HOXA5 inhibits the proliferation of extrahepatic cholangiocarcinoma cells by enhancing MXD1 expression and activating the p53 pathway

Abstract

AbstractHomeobox A5 (HOXA5) is a transcription factor in mammalian and can regulate cell differentiation, proliferation, and apoptosis as well as tumorigenesis. However, little is known on whether and how HOXA5 can regulate the malignant behaviors of cholangiocarcinoma. The methylation levels of HOXA5 were evaluated by methylation microarray and bisulfite sequencing PCR. HOXA5 expression in tissue samples was examined by immunohistochemistry and Western blot.
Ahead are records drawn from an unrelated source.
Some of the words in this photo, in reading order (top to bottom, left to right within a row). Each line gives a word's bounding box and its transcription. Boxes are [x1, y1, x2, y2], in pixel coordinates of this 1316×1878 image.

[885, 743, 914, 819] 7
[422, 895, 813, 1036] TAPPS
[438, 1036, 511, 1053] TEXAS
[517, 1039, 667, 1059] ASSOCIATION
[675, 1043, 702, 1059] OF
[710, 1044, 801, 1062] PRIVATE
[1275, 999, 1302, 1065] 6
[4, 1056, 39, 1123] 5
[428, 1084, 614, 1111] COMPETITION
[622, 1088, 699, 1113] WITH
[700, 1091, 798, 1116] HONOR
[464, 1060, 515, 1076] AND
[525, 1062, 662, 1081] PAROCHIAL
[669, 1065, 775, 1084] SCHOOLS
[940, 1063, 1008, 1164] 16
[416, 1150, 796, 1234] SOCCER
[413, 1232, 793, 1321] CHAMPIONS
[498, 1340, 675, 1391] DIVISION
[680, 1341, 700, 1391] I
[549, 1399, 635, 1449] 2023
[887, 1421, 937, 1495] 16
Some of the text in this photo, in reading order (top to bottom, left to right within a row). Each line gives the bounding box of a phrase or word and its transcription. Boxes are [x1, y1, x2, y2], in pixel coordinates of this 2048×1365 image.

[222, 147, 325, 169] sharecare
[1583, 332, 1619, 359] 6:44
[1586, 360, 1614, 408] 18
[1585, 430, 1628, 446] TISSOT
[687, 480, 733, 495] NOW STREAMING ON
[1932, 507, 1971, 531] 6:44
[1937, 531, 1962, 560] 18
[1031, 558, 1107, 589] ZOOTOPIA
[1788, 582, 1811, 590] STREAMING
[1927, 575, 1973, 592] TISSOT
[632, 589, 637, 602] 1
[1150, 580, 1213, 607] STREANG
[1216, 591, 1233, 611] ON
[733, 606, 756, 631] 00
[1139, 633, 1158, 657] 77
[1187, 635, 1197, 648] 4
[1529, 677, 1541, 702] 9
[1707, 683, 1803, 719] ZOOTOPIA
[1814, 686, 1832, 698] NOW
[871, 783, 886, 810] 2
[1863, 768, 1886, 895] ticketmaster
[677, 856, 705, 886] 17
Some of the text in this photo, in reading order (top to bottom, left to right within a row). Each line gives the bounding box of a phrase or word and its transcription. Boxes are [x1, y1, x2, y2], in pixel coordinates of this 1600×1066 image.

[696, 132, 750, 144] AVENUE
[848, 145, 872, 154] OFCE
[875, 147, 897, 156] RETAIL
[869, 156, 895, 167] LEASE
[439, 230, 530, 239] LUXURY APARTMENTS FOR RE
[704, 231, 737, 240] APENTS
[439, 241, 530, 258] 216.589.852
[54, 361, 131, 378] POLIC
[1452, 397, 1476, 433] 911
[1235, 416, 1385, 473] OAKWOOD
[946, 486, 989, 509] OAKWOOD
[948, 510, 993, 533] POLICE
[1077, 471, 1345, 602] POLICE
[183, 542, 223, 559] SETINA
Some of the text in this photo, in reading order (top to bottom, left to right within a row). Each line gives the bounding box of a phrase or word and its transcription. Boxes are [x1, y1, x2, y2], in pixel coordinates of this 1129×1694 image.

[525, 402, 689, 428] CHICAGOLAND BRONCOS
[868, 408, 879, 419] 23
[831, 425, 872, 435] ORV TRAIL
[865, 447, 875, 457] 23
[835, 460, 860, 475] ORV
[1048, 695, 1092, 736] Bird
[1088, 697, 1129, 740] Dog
The proliferation of tumor cells was assessed by CCK-8, EdU, and nude mouse tumorigenicity assays. The invasion, apoptosis and cell cycling of tumor cells were evaluated by Wound healing assay and flow cytometry. The interaction between HOXA5 and the MXD1 promoter was examined by CUT & Tag assay, luciferase reporter assay and chromatin immunoprecipitation. Hypermethylation in the HOXA5 promoter down-regulated HOXA5 expression in extrahepatic cholangiocarcinoma (ECCA) tissues, which was correlated with worse overall survival. HOXA5 overexpression significantly inhibited the proliferation and tumor growth. HOXA5 overexpression enhanced MXD1 expression by directly binding to the MXD1 promoter in ECCA cells. MXD1 overexpression inhibited the proliferation and tumor growth while MXD1 silencing abrogated the HOXA5-mediated proliferation inhibition. HOXA5 overexpression increased p53 protein expression in an MXD1-dependent manner. HOXA5 and MXD1 acted as tumor suppressors to inhibit the mitosis of ECCA cells by enhancing the p53 signaling. Our findings may uncover molecular mechanisms by which the HOXA5/MXD1 axis regulates the progression of ECCA, suggesting that the HOXA5/MXD1 may be therapeutic targets for ECCA.